Why has KCEC gone totally with solar? Why not a mix of solar and wind or some other renewable?
LR: About seven years ago, we put together a member focus group and asked, "Do we want renewable energy?" and "If we do, what kind?" Of the available types - wind, solar, geothermal, hydro and biomass - our members wanted solar. If we'd gone with wind, it would be a case of either installing wind farms locally - a major impact on the landscape - or importing wind-generated power from the eastern side of the state, so it would no longer be local.
The arrays we've built are low to the ground and don't visually impact the landscape to any major degree. We have a lot of available property in this area, so that's not an issue. Another thing is that solar generation doesn't require much water, which is a major concern here. We have to wash the panels once in a while, but that's pretty minimal.
The Taos Mesa project we're developing is located in the buffer area between the Taos County landfill and nearby landowners, so instead of having the dump as a neighbor, they'll now have a low-profile solar farm. We also chose this location because it's only a mile and a half from the Las Cordovas power station, so it feeds directly into it and then gets distributed across the system.
Taos Mesa will provide 15 megawatts of solar generating capacity and 12 megawatts of storage. Together with Angel Fire and our existing arrays, that will provide enough supply to meet our goal of 100 percent daytime renewable by 2022 - and probably beat that target date by nine months.
Does KCEC actually build and own the arrays? Who are the other players you mention?
LR: We're a distributive co-op, so we don't own the arrays. Until 2016, we belonged to a generation-and-transmission co-op, Tri-State Energy in Denver - basically a co-op of co-ops - that provided power to us and their other member co-ops. We then switched to Guzman Energy as our power supplier and signed a 10-year contract with them. Guzman sells us any power we need that's not generated by our solar arrays.
Syncarpha Capital and Torch Clean Energy are the ones that actually build and own the projects.
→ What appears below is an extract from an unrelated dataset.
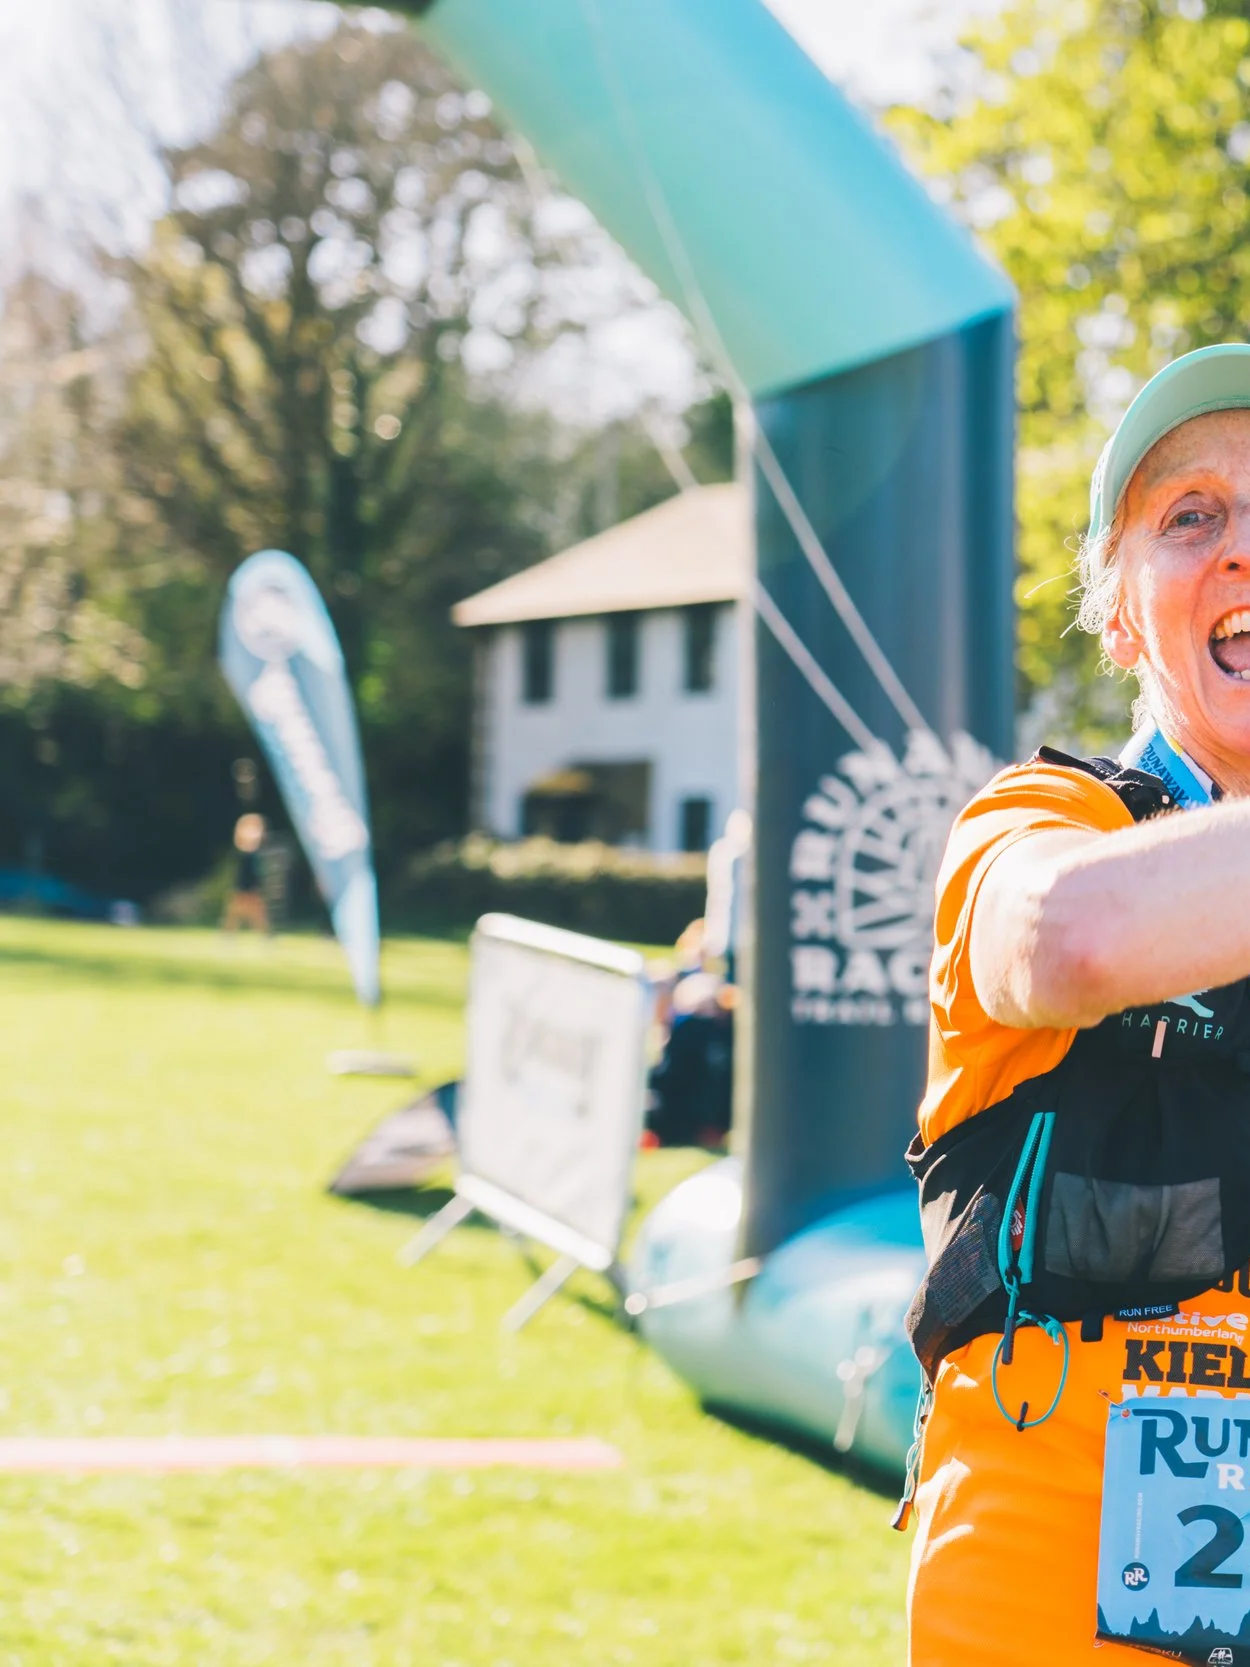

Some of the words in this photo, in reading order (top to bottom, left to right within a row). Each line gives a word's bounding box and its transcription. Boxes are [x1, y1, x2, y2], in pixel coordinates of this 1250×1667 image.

[1119, 1307, 1142, 1317] RUN
[1144, 1304, 1172, 1314] FREE
[1158, 1311, 1249, 1331] tive
Since we have the contract with Guzman, we have to work through them any time we want to develop a new array to determine who will build it. Syncarpha has built four of our arrays and is currently finalizing three others. Torch will build the new arrays and battery storage facilities at Taos Mesa and Angel Fire.
In effect, we lease the arrays from Torch and Syncarpha. They have the cash to build them, and they can use the federal tax credits because they're for-profit enterprises. KCEC, as a nonprofit co-op, is not taxable, so we can't use the credits directly. But Torch and Syncarpha pass along those savings to us, so it's a win-win: for our members because we're getting the price as low as possible, and for them because they can use the credits and have a cash flow throughout the service life of the project.
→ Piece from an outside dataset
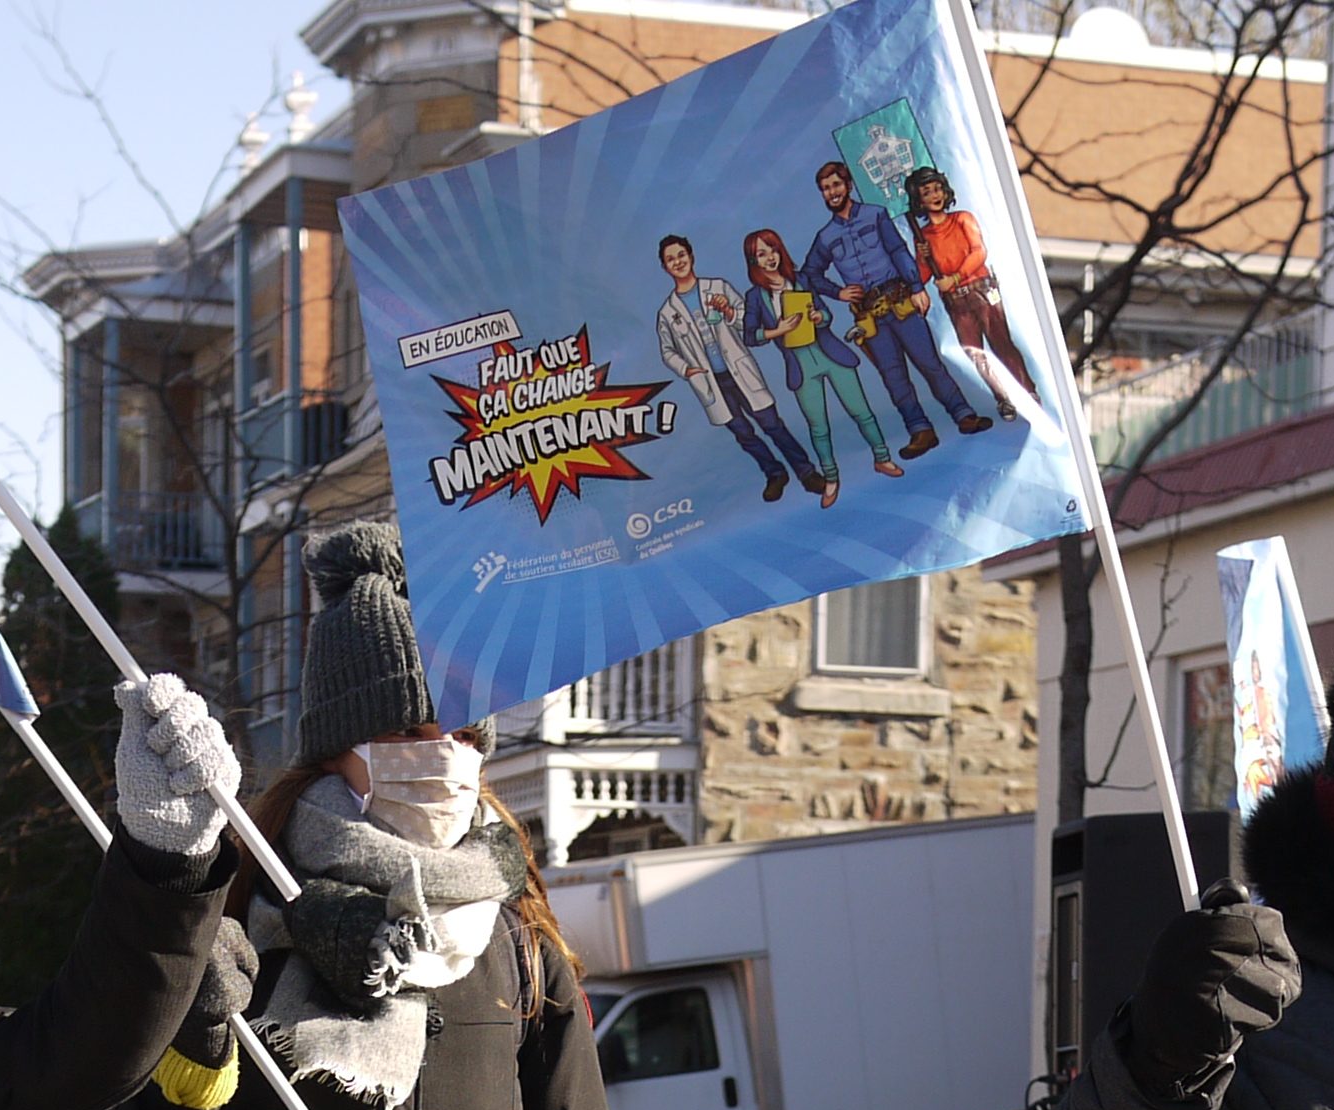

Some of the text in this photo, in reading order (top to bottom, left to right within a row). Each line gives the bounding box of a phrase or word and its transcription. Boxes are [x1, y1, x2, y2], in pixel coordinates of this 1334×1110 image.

Where will KCEC go from here to keep improving Taos' energy future?
LR: As I mentioned, we're watching the various technologies and how they evolve to figure out the best solution for nighttime hours and cloudy days. It could be importing wind from eastern New Mexico, or using hydrogen fuel cells or long-duration batteries.
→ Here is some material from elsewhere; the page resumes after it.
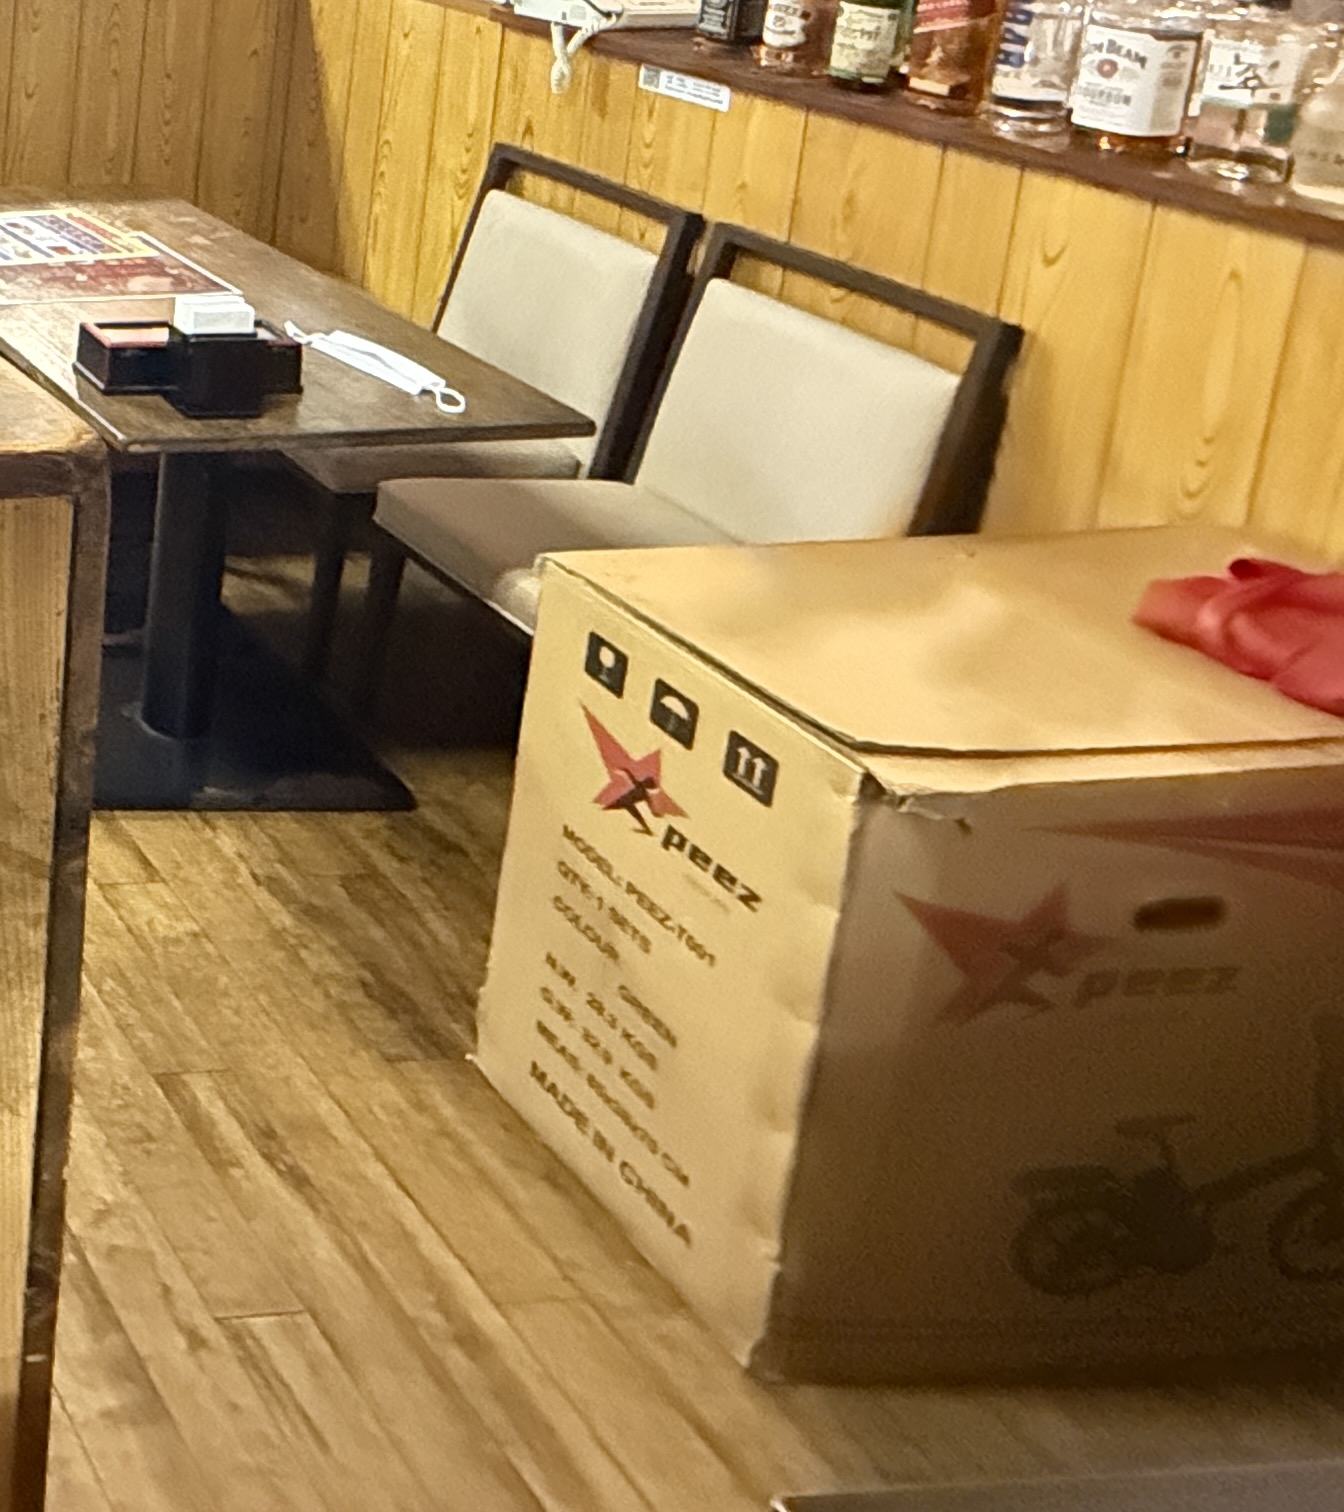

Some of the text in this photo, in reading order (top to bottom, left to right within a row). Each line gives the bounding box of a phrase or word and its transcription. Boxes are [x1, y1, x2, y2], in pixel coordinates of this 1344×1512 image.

We're also looking at electric vehicles - essentially, how to change the mindset. Any realistic solution to climate change has to include acceptance of EVs. For Taos, buying and using them has to be affordable, because this is not a wealthy community. So we're looking at partnering with someone to provide sufficient charging infrastructure throughout the area to support them.
People have an understandable fear of running out of juice in an EV; they can't just walk to the nearest charging station and fill up a can. Taoseños also have problems with the current EV selection, but I saw that Ford has just rolled out its new electric F-150 pickup, so that might help change perceptions.